The next day, the Government of Canada announced the extension of its air mobility support for an additional three weeks, bringing the total duration of this support to 30 days, with an end date for the mission of February 15.
[English]
Currently there are approximately 40 personnel from the Canadian armed forces deployed on this mission. They are operating from Le Tubé air base located in Istres, France. As of today, the C-17 transport aircraft has flown 13 missions and has moved over 775,000 pounds of cargo from France to Bamako, such as armoured vehicles, medical supplies and ammunition, as well as French military personnel.
For our C-17 to be deployed for one month, the projected full-cost estimate is $18.6 million. The incremental estimate is $11.7 million. Please note that the actual costs will only be available approximately 60 days after the full completion of the operation.
[Translation]
The C-17 transport aircraft has made a significant contribution to the transportation of essential supplies between France and Mali. Moreover, the success enjoyed by the Canadian Armed Forces during this mission has been underpinned by the efforts of our members, who have been working closely with their French counterparts to ensure seamless support throughout Canada's current commitment.
Thank you very much.
:
Thank you, Chair, and thank you to our witnesses.
I will start off by mentioning how we ended up with the committee briefing. The opposition wanted to make sure that we had some parliamentary oversight so Canadians could be aware of what we're doing in Mali. To that effect, we had asked the government, and it complied, to have some parliamentary oversight through committee. Hopefully, we'll have a debate as well. I just wanted to note that.
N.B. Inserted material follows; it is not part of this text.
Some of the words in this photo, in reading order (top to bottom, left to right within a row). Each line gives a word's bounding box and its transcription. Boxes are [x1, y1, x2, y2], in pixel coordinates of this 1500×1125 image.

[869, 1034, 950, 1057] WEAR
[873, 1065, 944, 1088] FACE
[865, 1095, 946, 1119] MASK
Just as a polite criticism, we had been concerned about the information sharing. Since that concern was raised, we have had briefings, and we have this committee briefing today.
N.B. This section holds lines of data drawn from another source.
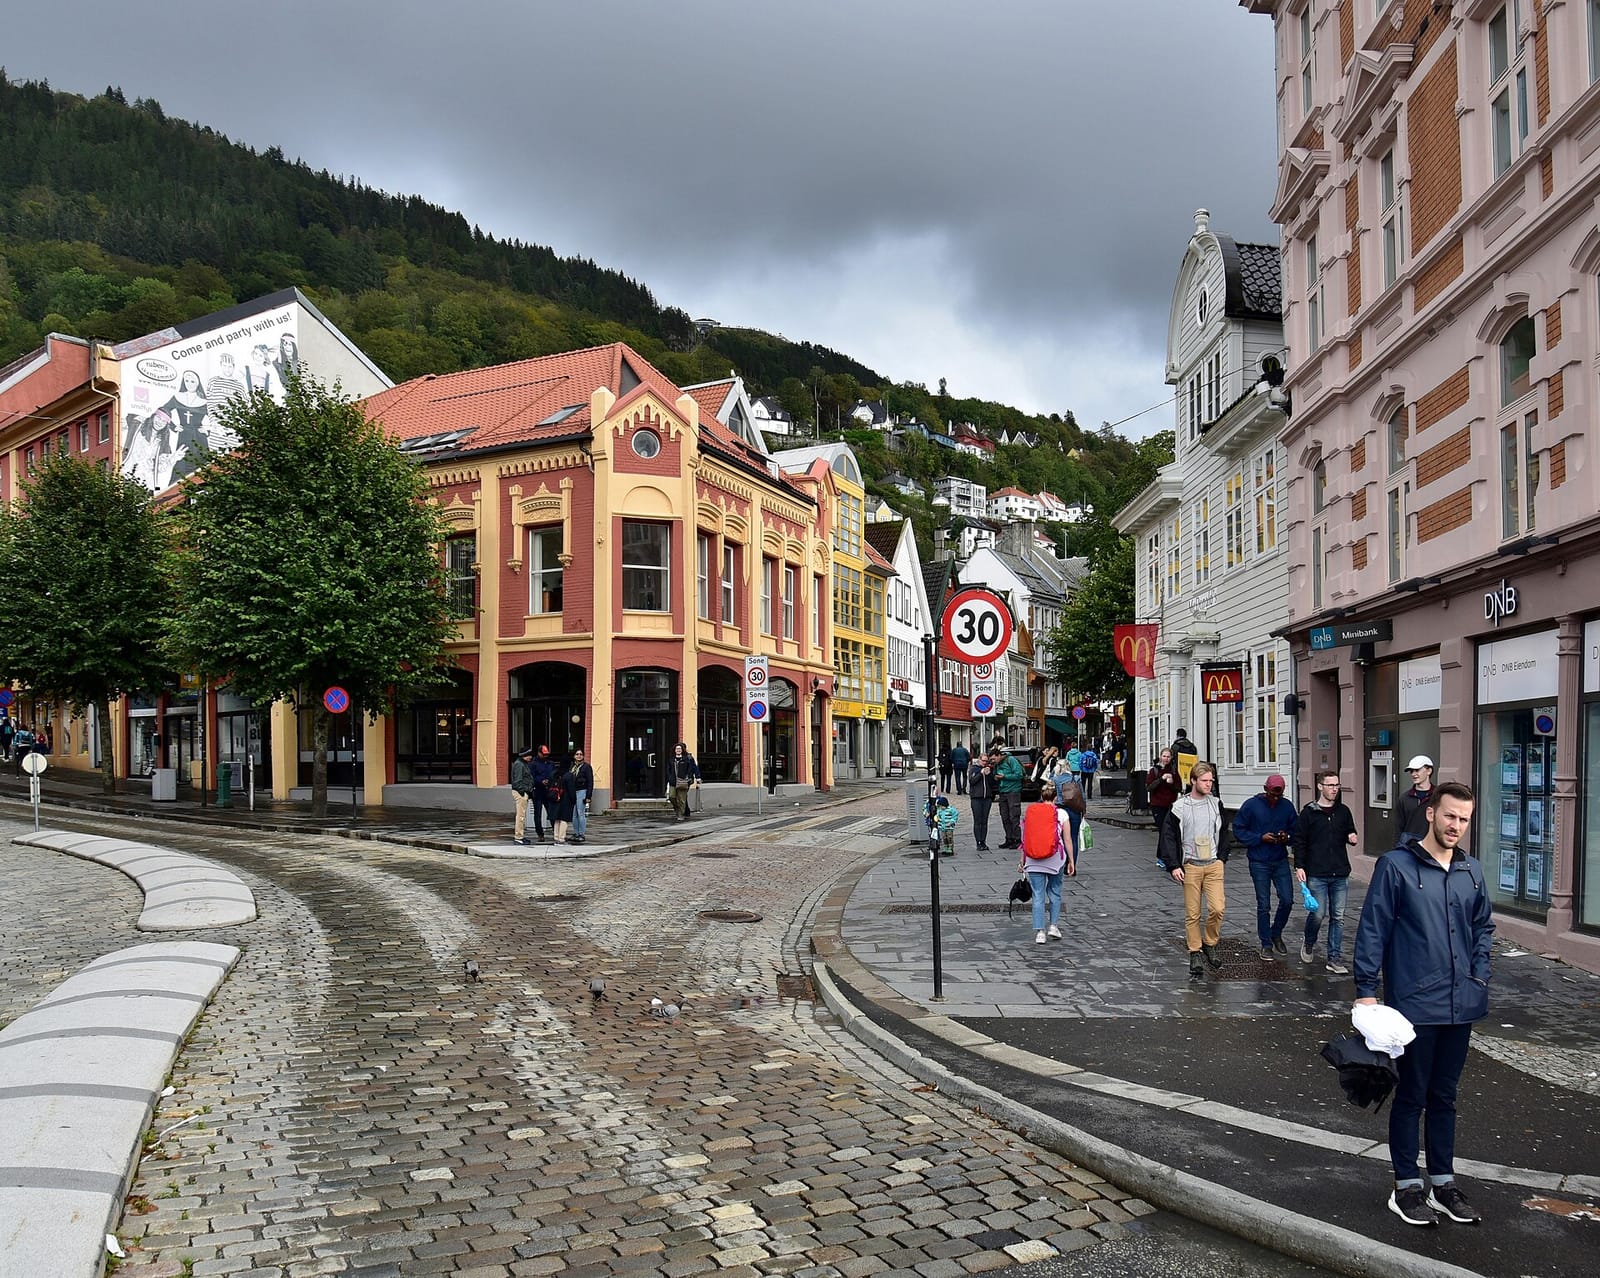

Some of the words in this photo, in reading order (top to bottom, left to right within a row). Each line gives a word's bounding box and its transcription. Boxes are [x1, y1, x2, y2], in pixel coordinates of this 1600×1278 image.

[171, 344, 203, 361] Come
[205, 335, 225, 350] and
[226, 327, 253, 344] party
[254, 318, 275, 332] with
[277, 311, 292, 325] us!
[1484, 578, 1516, 628] DNB
[956, 608, 999, 646] 30
[1313, 627, 1332, 649] DNB
[1341, 627, 1379, 640] Minibank
[751, 671, 763, 682] 30
[976, 664, 989, 676] 30
[1483, 664, 1497, 677] DNB
[1501, 663, 1513, 673] DNB
[1513, 659, 1537, 671] Eiendom
[975, 684, 992, 692] Sone
[1415, 677, 1425, 686] DNB
Mr. Chair, I'm going to start on the diplomatic side. I'll start maybe with a wider lens. I think, Ms. Buck, you and others have mentioned that we're not dealing just with a concern around Mali, per se, that in fact, this is a regional concern. We certainly heard that from Mr. Fowler, for instance. He was quite clear about the concern he had when he was a captive about the plans afoot for what we'll call the extremists to gain a foothold in places like Mali and certainly beyond. Obviously, you would see this as not just a Mali concern, that this is a regional concern.
:
It's both a Mali and a regional concern.
In terms of Mali, prior to the coup there had been 20 years of democracy, a democracy with some weaknesses, but a democracy, and one of the most vaunted democracies in Africa. The political instability in Mali and the bifurcation of the country meant that.... It was a geographic bifurcation, a geographic split of the country, but also ethnic and increasingly religious, about a year ago. That's not good for Mali's return to democracy. There have been some important developments on that front, as I mentioned in my opening statement, with the Tuareg in the north no longer siding with the Islamist extremists, and some important steps to go back to democracy in the south as a road map.
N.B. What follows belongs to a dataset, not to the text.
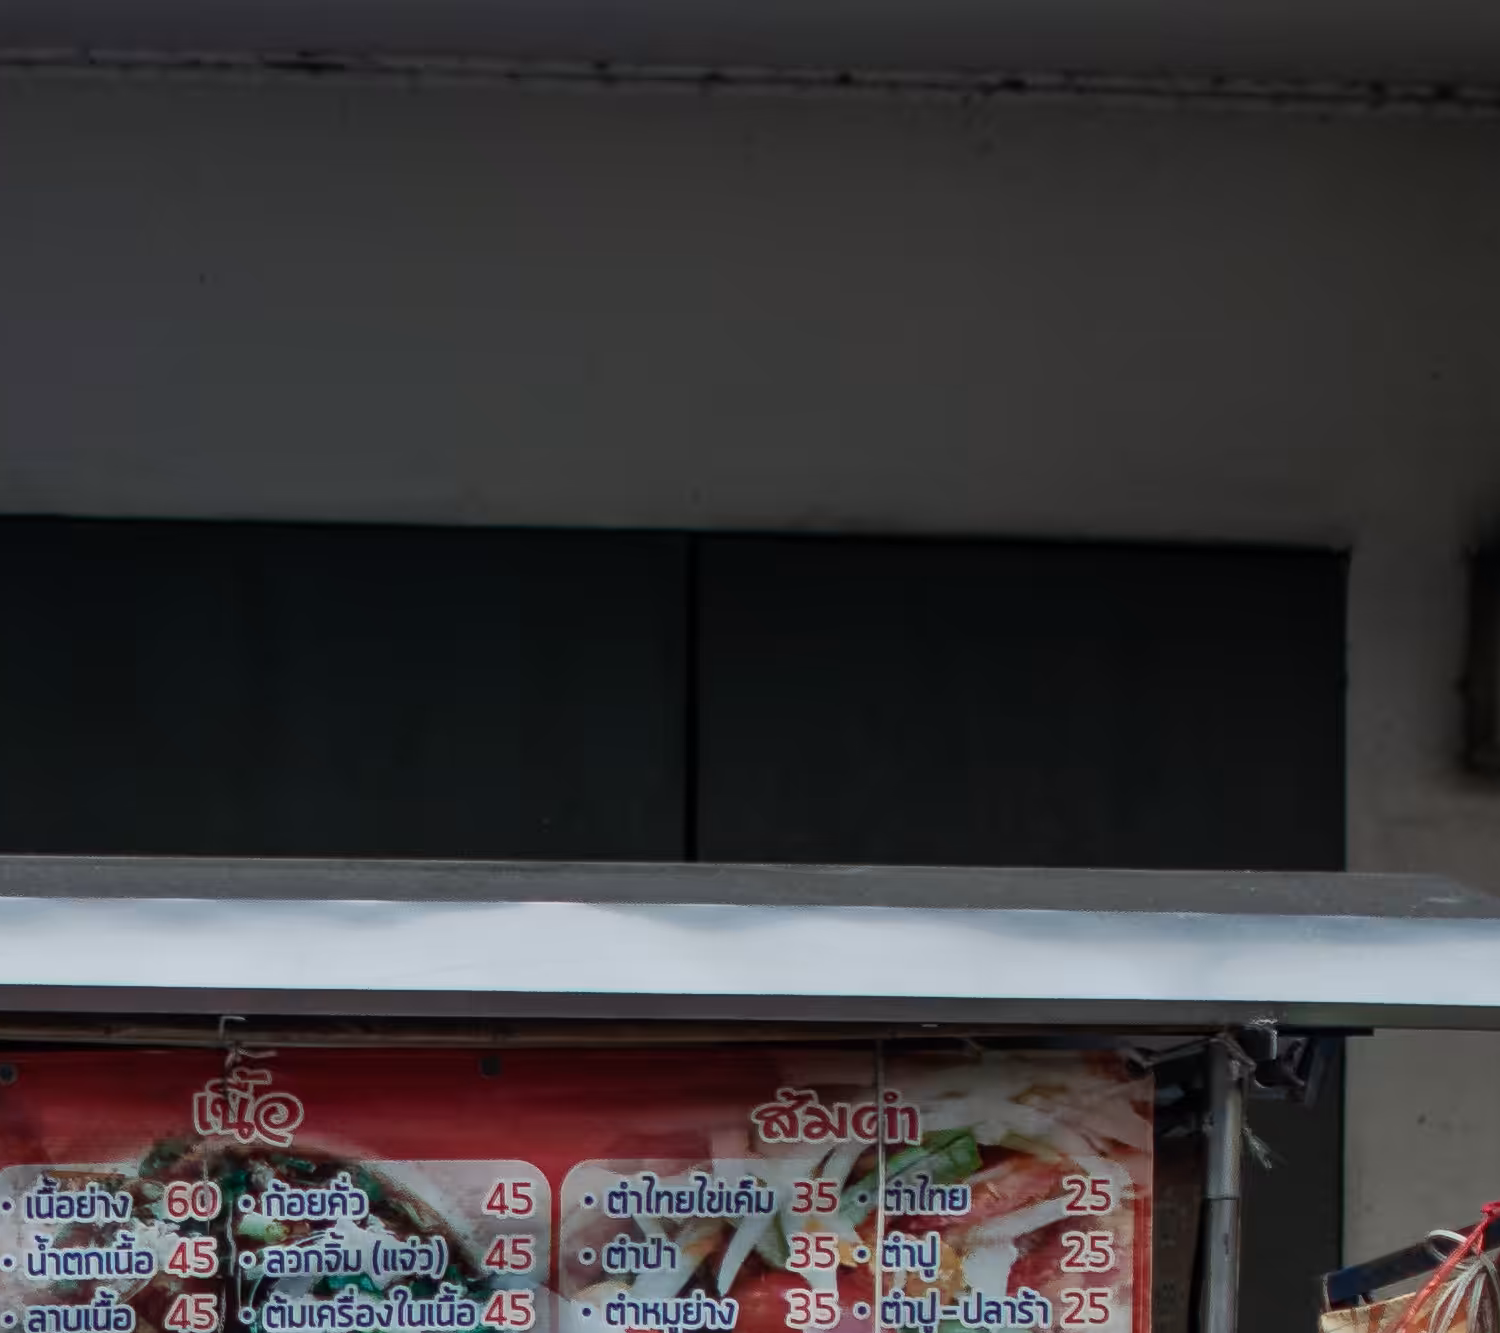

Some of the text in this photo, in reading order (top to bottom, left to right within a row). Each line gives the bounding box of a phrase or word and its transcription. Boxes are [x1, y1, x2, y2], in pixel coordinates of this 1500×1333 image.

It's a Malian problem, but it's part of a broader Sahel problem in that across that region of northern Mali, Niger, Mauritania, and the parts of Algeria running across that part of Africa, over the last few years it has become increasingly a haven for some terrorist extremist groups.
There have long been very porous borders in that area. There are long histories of certain ethnic groups moving freely through the Sahel, certain smuggling enterprises through the Sahel, but the rise of terrorist groups that have been increasingly emboldened is alarming to the whole international community, emboldened partially because of some money and outflow of arms in the context of Libya, but that predated the Libyan military intervention. The arms and money have been coming out of Libya for a while, and from other sources starting to fuel the Islamist extremist groups.
As a terrorist haven the Sahel has caused concern to the international community for a while. I won't get into great detail, but as I said in my statement, we have been active for a long time on that front in security and counterterrorism programming.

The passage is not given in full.